*Problem to work on*.
Return the data below exactly, minus the pictures.

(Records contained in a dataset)
*** Begin section ***
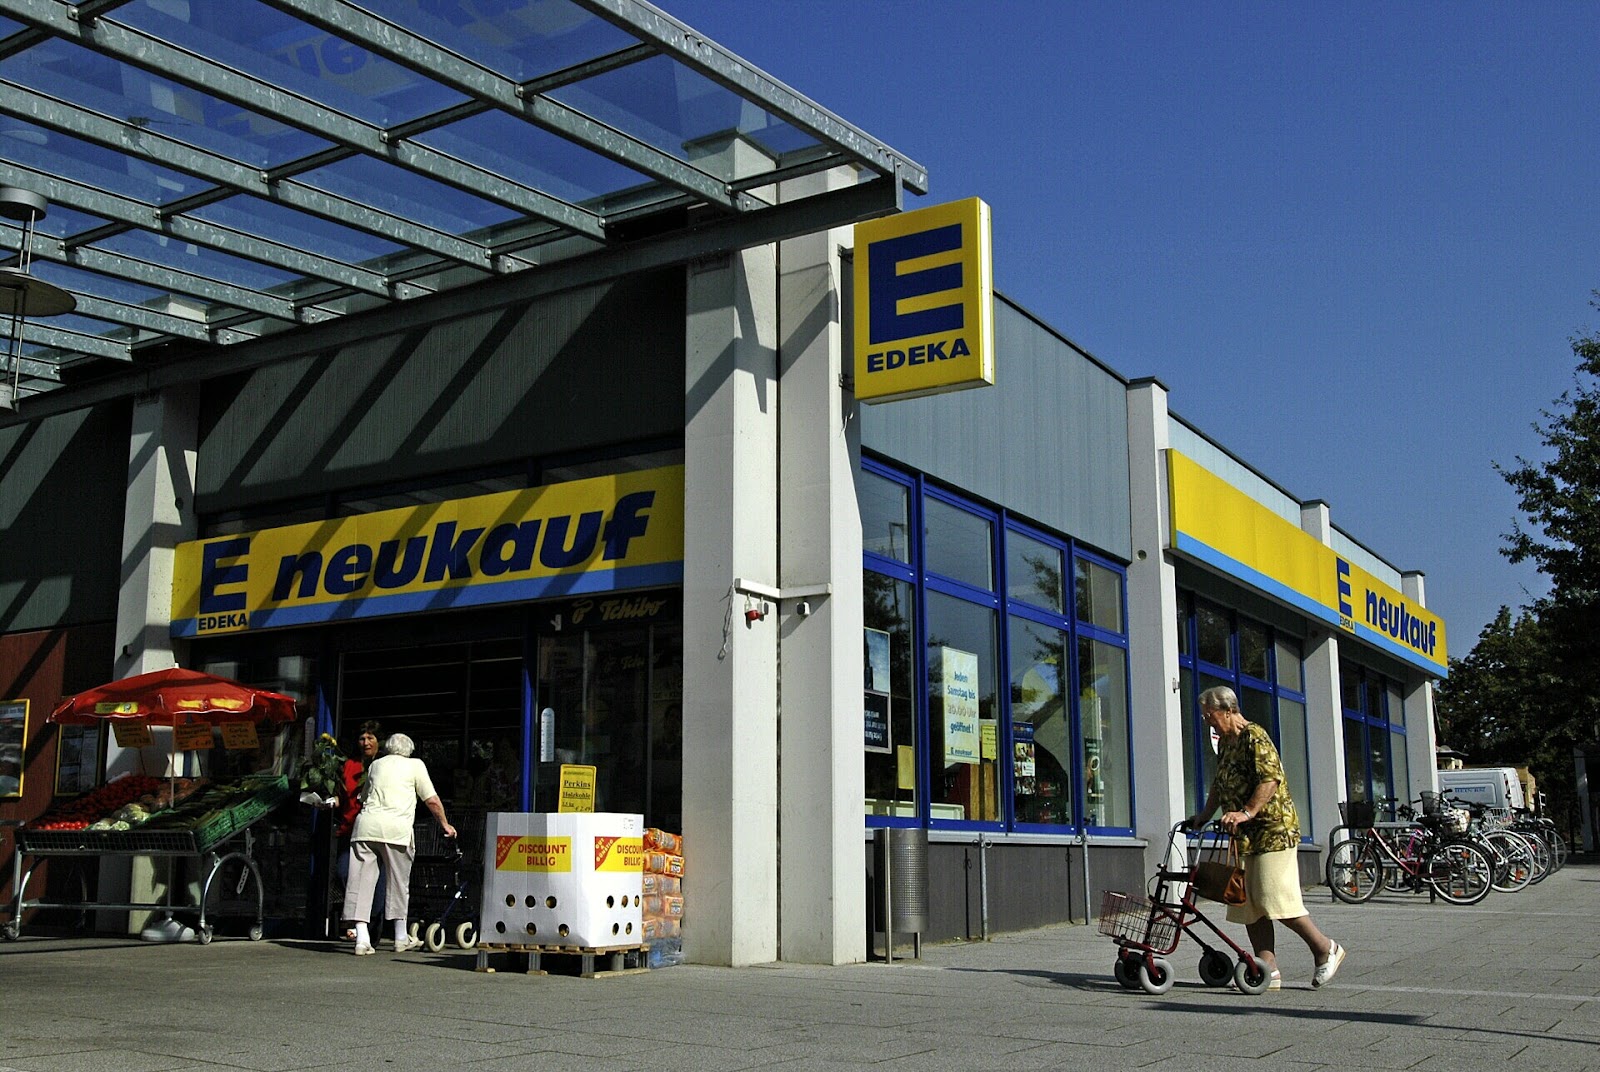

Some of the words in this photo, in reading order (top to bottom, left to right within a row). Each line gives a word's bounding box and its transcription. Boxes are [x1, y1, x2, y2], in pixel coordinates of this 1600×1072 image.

[868, 223, 964, 345] E
[867, 338, 971, 373] EDEKA
[200, 537, 250, 614] E
[272, 490, 656, 602] neukauf
[599, 597, 667, 622] Tchibo
[1336, 556, 1353, 618] E
[1366, 588, 1436, 657] neukauf
[198, 613, 248, 631] EDEKA
[954, 671, 968, 683] Jeden
[947, 685, 968, 701] Samstag
[968, 688, 976, 699] bis
[563, 791, 591, 799] Holzkohle
[518, 844, 567, 854] DISCOUNT
[526, 856, 556, 866] BILLIG
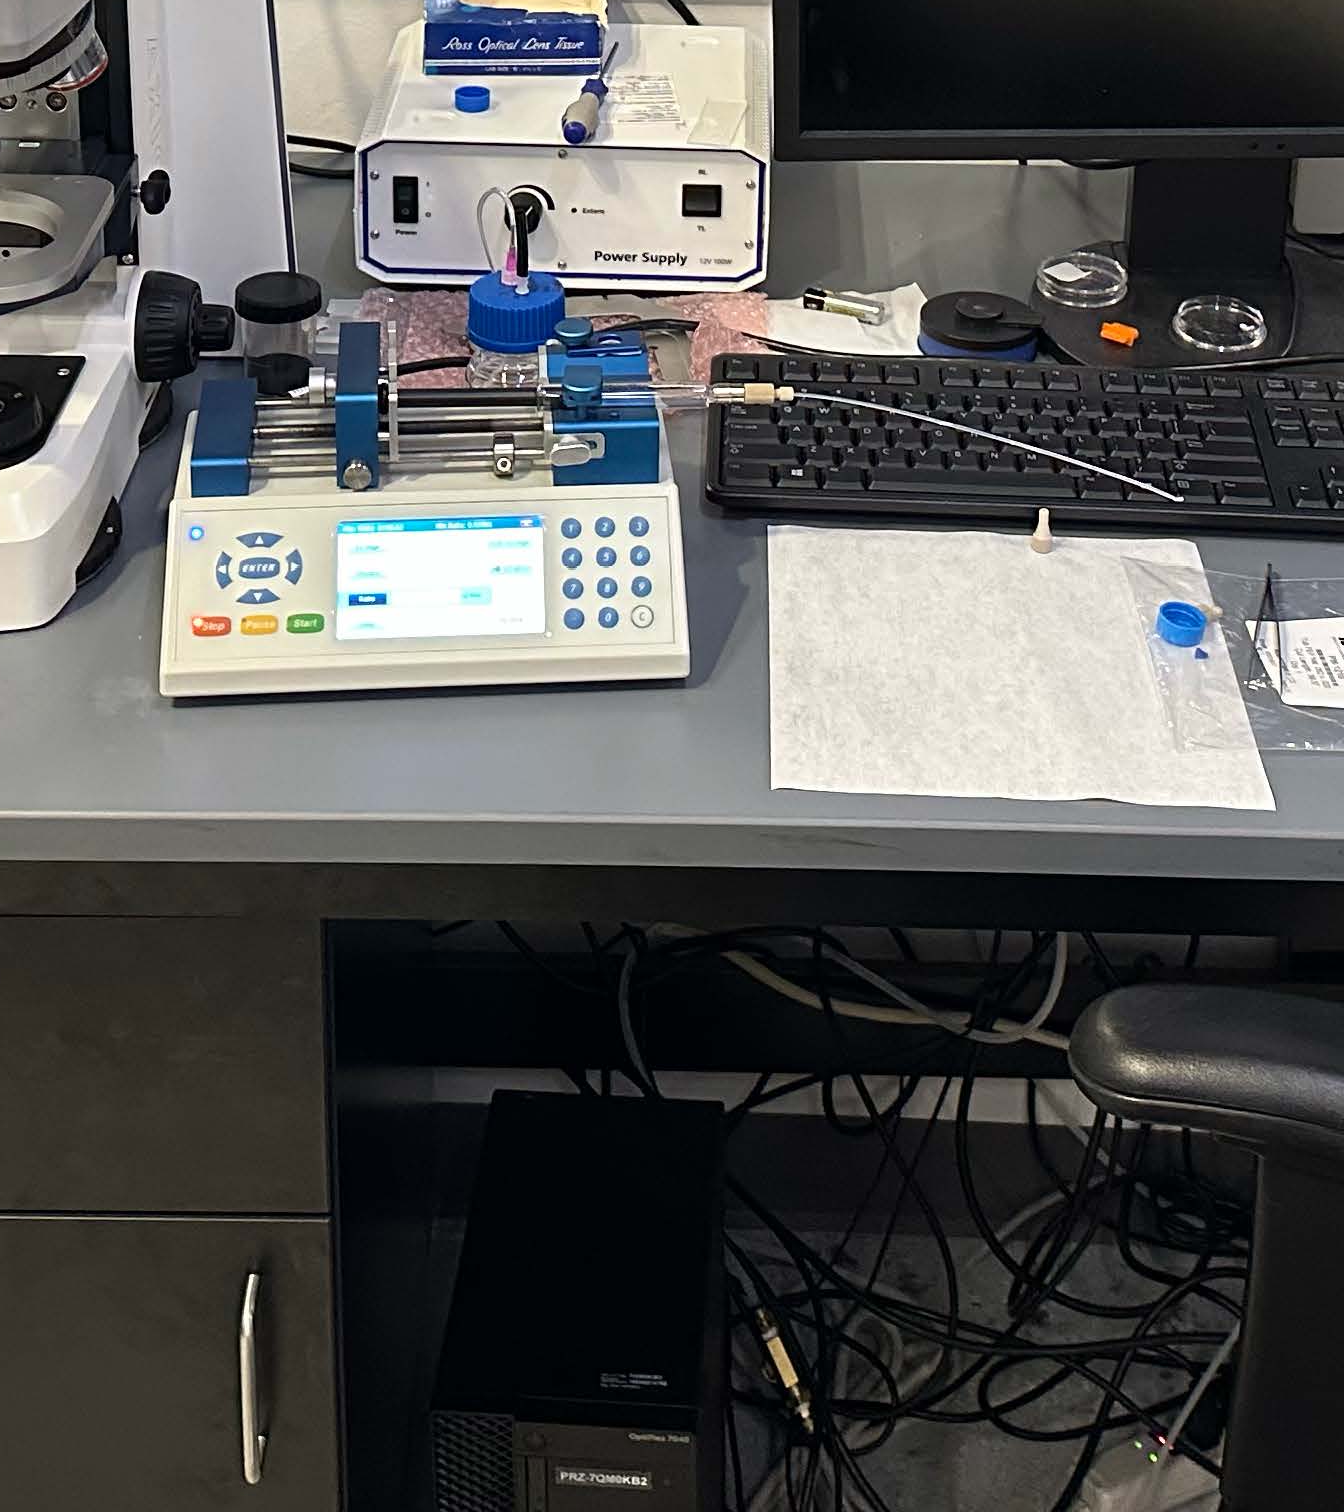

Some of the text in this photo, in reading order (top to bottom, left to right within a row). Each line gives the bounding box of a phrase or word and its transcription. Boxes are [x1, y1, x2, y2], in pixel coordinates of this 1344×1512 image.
*** End section ***
*Response area*.
Some of the words in this photo, in reading order (top to bottom, left to right within a row). Each line gives a word's bounding box and its transcription. Boxes are [x1, y1, x2, y2], in pixel coordinates of this 1600×1072 image.

[868, 223, 964, 345] E
[867, 338, 971, 373] EDEKA
[200, 537, 250, 614] E
[272, 490, 656, 602] neukauf
[599, 597, 667, 622] Tchibo
[1336, 556, 1353, 618] E
[1366, 588, 1436, 657] neukauf
[198, 613, 248, 631] EDEKA
[954, 671, 968, 683] Jeden
[947, 685, 968, 701] Samstag
[968, 688, 976, 699] bis
[563, 791, 591, 799] Holzkohle
[518, 844, 567, 854] DISCOUNT
[526, 856, 556, 866] BILLIG

Some of the text in this photo, in reading order (top to bottom, left to right within a row). Each line gives the bounding box of a phrase or word and its transcription. Boxes are [x1, y1, x2, y2], in pixel coordinates of this 1344×1512 image.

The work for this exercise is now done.